Vague Promises Euro Zone Plays for Time on Aid for Greece
Euro zone finance ministers on Monday evening pledged to help Greece should it become necessary. But they declined to say how. It is the same message the EU has been preaching for weeks -- in the hopes that Athens will be able to save itself.
Finance ministers from countries belonging to Europe's common currency zone have agreed on an emergency plan for debt-ridden Greece. The 16 ministers met in Brussels Monday for a meeting that went on late into the evening. It wasn't until 10 p.m. that the head of the euro group, Luxembourg Prime Minister Jean-Claude Juncker appeared and announced that they had agreed on an emergency plan for Greece. "Greece would be supported if this would be needed," Juncker told reporters.
The finance ministers have essentially confirmed what EU leaders have been indicating for some time, namely that the other euro zone members will not leave Greece in the lurch.
Juncker did not go into specifics about the plan. The finance ministers agreed to provide bilateral aid to Greece in an emergency, he said, adding "there are still a number of technical questions that need to be addressed." The scope of the relief package was left open. But it is precisely those details that are crucial. If financial markets had been hoping for a concrete figure, they were left disappointed -- a fact that could further pressure the euro, which has been trending downward for months.
Doubts about the Details
Juncker's appearance on Monday night was less a promise for the future than a signal that the euro zone's finance ministers were unable -- or unwilling -- to reach an agreement. Now EU leaders will have to decide on the details of the rescue package at their next summit on March 25-26. But there are also doubts about whether that meeting will see concrete pledges of assistance. On Monday evening, Juncker sought to lower expectations of the summit, saying that, although EU leaders had to make the final decisions, they would not necessarily do so at the end of March.
The finance ministers are playing for time. Although EU diplomats say that a detailed emergency plan has already been drawn up in Brussels, which envisions loans totaling 25 billion ($34 billion) for Greece and which only needs the OK from EU leaders to go into effect, finance ministers are clearly hoping that the financial markets can be seduced in the mean time with pledges that Greece will be supported should the need arise.
It is a difficult balancing act the EU has embarked on. Speculators need to be deterred -- and pressure must be maintained on problem countries to clean up their finances. The euro zone on Monday wanted to send the message that everything is under control, without making unnecessary concessions to the Greek government. After all, Athens' will to save money should not weaken.
Putting Off the Pain
The finance ministers also highlighted the fact that Greece has not yet asked for help -- but if it were to do so, there would be enough money available in the rest of the euro zone. It's the same line the EU has been preaching since the beginning of the Greek crisis: In an emergency, the other euro countries would save Greece from bankruptcy. But the rescue package can not be called a "bailout," because that is prohibited by the Maastricht Treaty, which governs the European currency union.
But constantly postponing the decision does not make it any easier. Sooner or later, the euro-zone members will have to answer the question of who will provide money for Athens, and how much. Around 20 billion of Greek debt will come due in April and May alone.
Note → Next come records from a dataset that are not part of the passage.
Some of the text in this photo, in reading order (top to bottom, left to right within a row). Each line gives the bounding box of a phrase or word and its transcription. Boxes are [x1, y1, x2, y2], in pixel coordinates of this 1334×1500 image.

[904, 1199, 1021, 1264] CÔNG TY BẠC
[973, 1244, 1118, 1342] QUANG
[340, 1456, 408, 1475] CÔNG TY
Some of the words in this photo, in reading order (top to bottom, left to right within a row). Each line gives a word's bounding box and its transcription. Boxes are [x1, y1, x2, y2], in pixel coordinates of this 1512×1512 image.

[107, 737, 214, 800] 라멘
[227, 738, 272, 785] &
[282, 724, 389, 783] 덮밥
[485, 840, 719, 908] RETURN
So far, the Greek government has been able to get by on its own and has always managed to refinance its loans on the financial markets. A recent issue of Greek government bonds sold well -- albeit at the cost of significantly higher interest rates, something which ultimately only exacerbates the debt problem.
The other euro zone members seem to be waiting until Greece's need for additional financing becomes acute -- and until the pressure to act becomes so great that helping Greece can be sold more easily to their own skeptical populations. Until that happens, details remain wanting. German Chancellor Angela Merkel in particular has been holding her cards close during the financial poker game in Brussels.
Not on the Agenda
At their meeting Monday, the euro-zone finance ministers also discussed two fundamental issues that were not on the agenda. One of them was raised by German Finance Minister Wolfgang Schäuble in recent weeks when he called for a European Monetary Fund. The second issue was brought up by French Finance Minister Christine Lagarde, who in an interview with the Financial Times Monday, criticized Germany's trade surplus and added German competitiveness to the list of Europe's problems -- statements that brought her immediate criticism from Merkel.
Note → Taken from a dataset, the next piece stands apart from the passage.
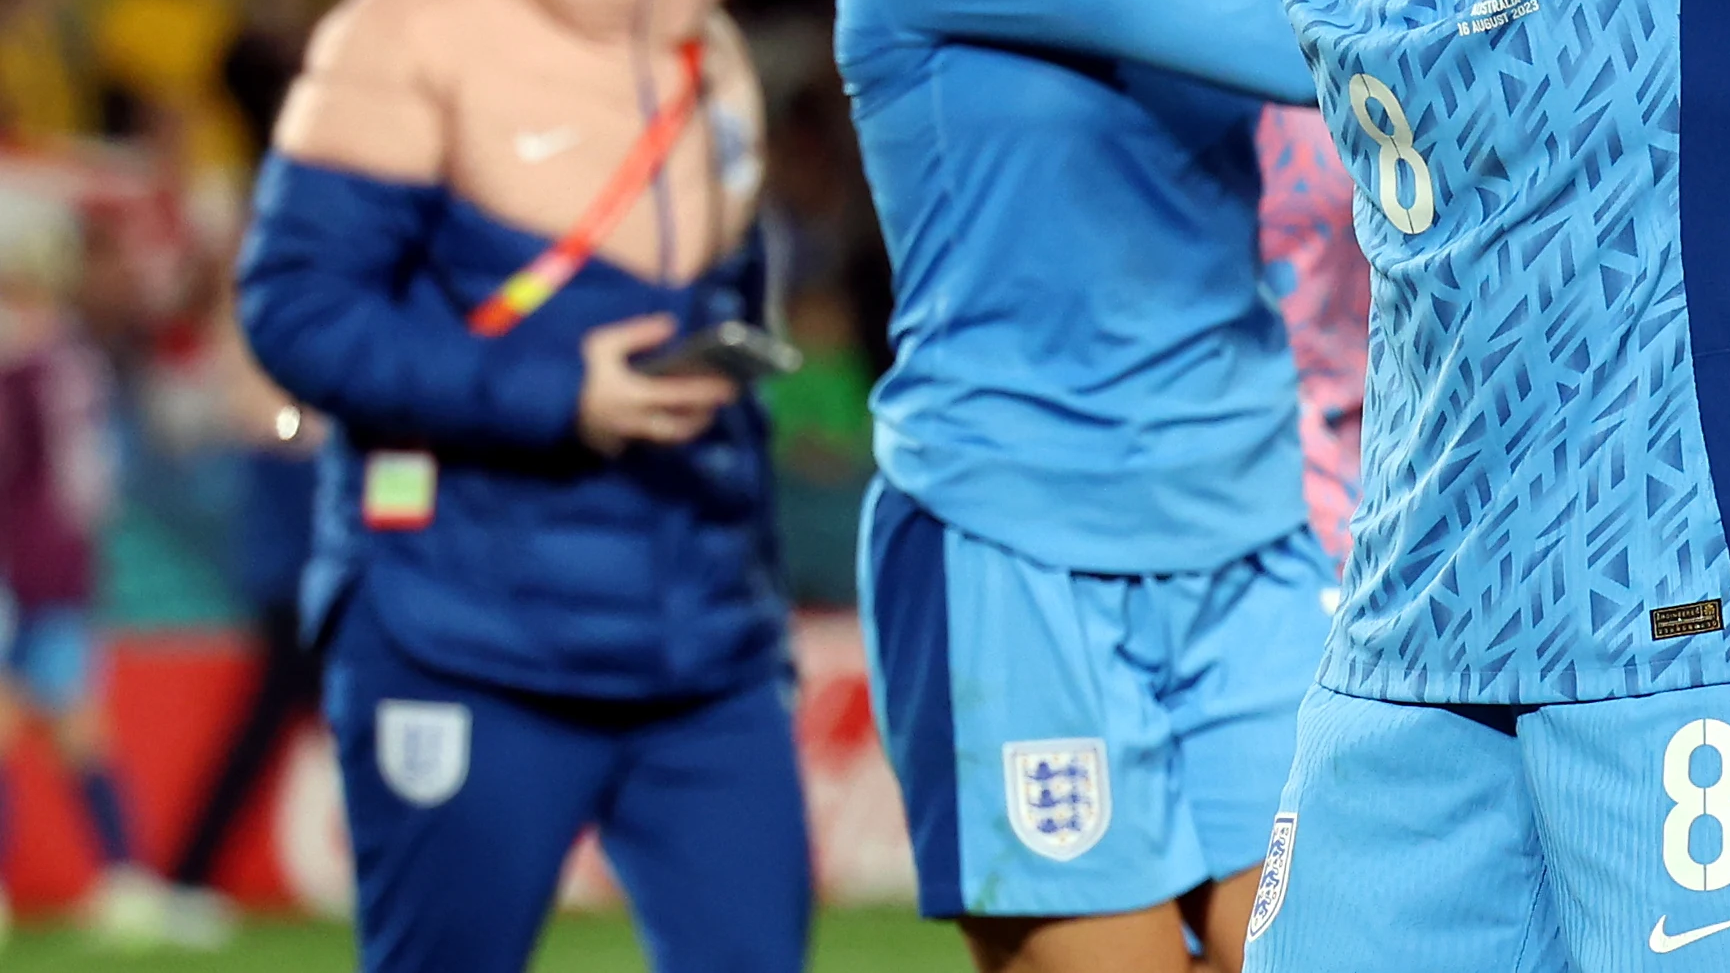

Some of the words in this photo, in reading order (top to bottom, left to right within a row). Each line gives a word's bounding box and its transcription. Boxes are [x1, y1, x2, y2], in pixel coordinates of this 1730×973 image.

[1457, 21, 1470, 36] 16
[1472, 12, 1509, 34] AUGUST
[1349, 73, 1434, 235] 8
Schäuble's proposal had already been dismissed by his colleagues in recent days as a long-term project. The consensus was that such a fund wouldn't be ready in time to help Greece. There was no new impetus regarding the plan at the meeting on Monday evening.
Lagarde's criticism of Germany also found little support. Her attitude may be shared by many countries whose economies are suffering from German exports, and Germany's export strength has certainly also added to Greece's problems. But German companies are hardly likely to choose to be more expensive and slower, just so their international competitors can catch up. Complaints about German and Chinese exporters are a perennial issue in the international debate on trade imbalances. Sensible suggestions for how to solve that problem, however, are in short supply.